Data shown:
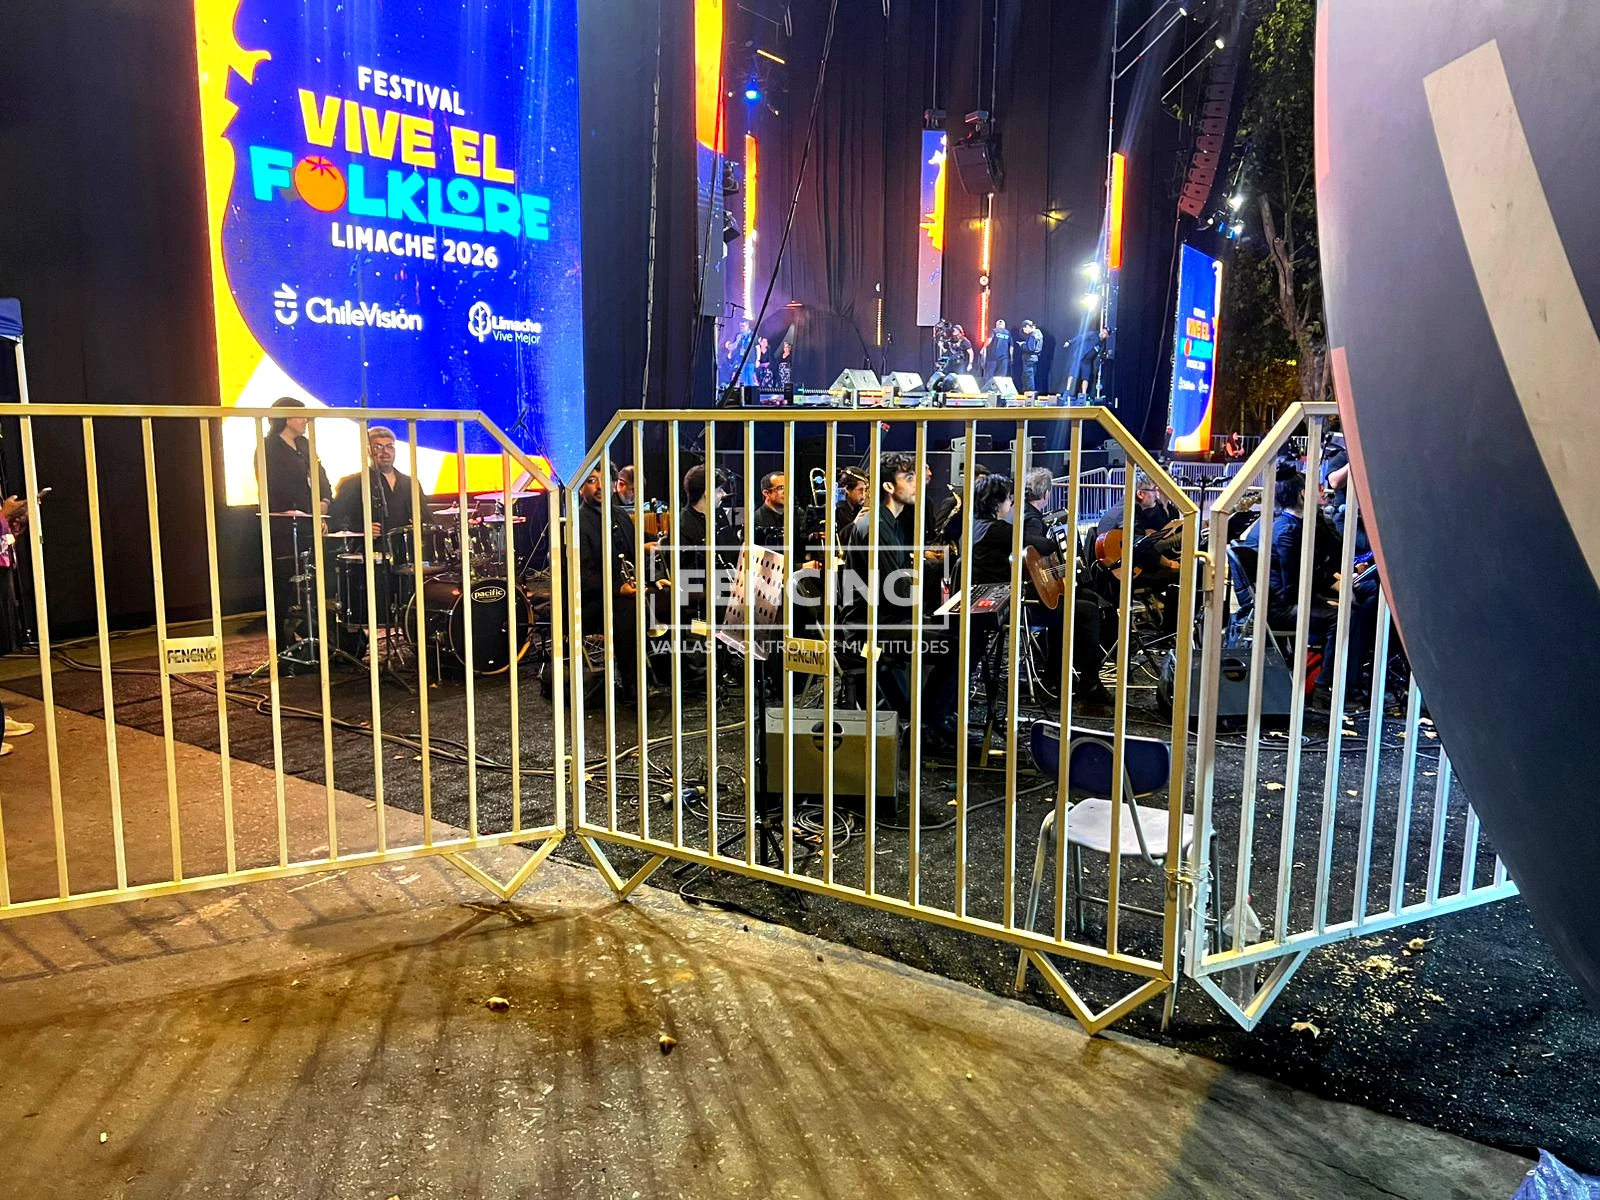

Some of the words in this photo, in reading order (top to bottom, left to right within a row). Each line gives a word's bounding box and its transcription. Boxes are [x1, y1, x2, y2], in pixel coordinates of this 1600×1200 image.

[357, 66, 465, 116] FESTIVAL
[298, 88, 436, 169] VIVE
[450, 126, 515, 184] EL
[249, 145, 551, 241] FOLKLORE
[331, 222, 436, 260] LIMACHE
[443, 239, 498, 269] 2026
[305, 296, 423, 331] ChileVisión
[492, 314, 542, 333] Limache
[492, 331, 513, 342] Vive
[515, 333, 541, 345] Mejor
[474, 589, 503, 599] pacific
[167, 647, 217, 664] FENCING
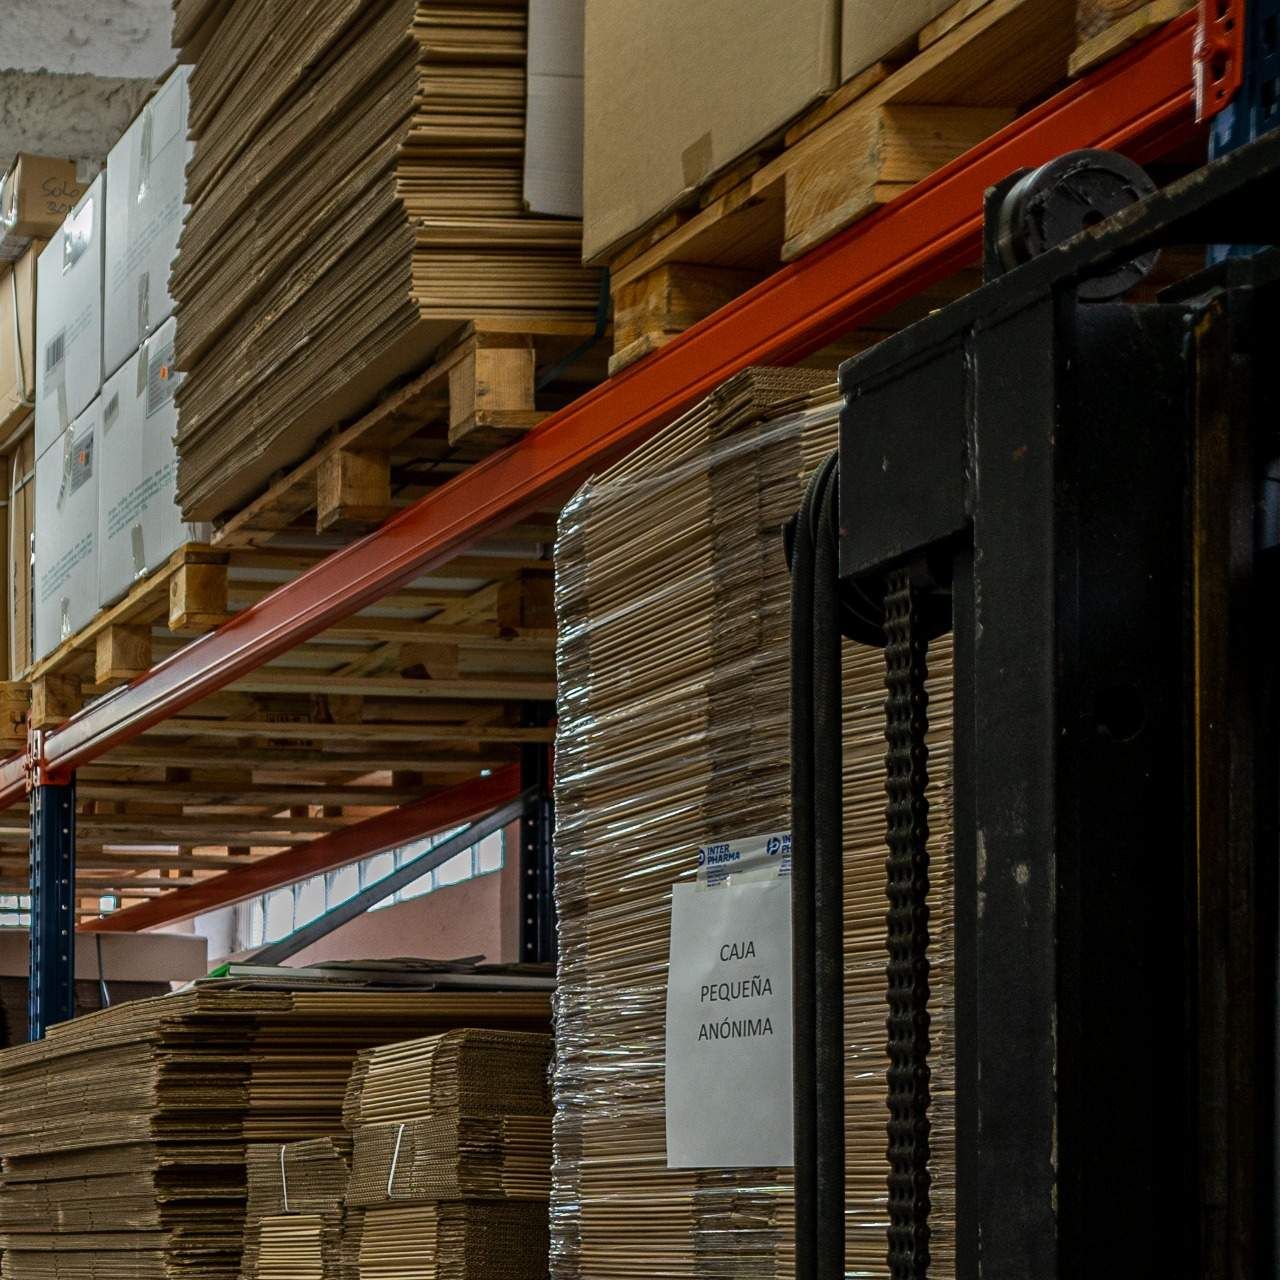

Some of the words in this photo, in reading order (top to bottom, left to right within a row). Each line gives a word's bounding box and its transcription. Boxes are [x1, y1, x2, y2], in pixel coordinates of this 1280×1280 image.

Task item: Reproduce the data above verbatim, minus any images.

Reply:
Some of the words in this photo, in reading order (top to bottom, left to right within a row). Each line gives a word's bounding box and its transcription. Boxes are [x1, y1, x2, y2], in pixel coordinates of this 1600×1200 image.

[357, 66, 465, 116] FESTIVAL
[298, 88, 436, 169] VIVE
[450, 126, 515, 184] EL
[249, 145, 551, 241] FOLKLORE
[331, 222, 436, 260] LIMACHE
[443, 239, 498, 269] 2026
[305, 296, 423, 331] ChileVisión
[492, 314, 542, 333] Limache
[492, 331, 513, 342] Vive
[515, 333, 541, 345] Mejor
[474, 589, 503, 599] pacific
[167, 647, 217, 664] FENCING

Some of the words in this photo, in reading order (top to bottom, left to right within a row). Each line gives a word's bounding box and its transcription. Boxes are [x1, y1, x2, y2], in pixel coordinates of this 1280×1280 image.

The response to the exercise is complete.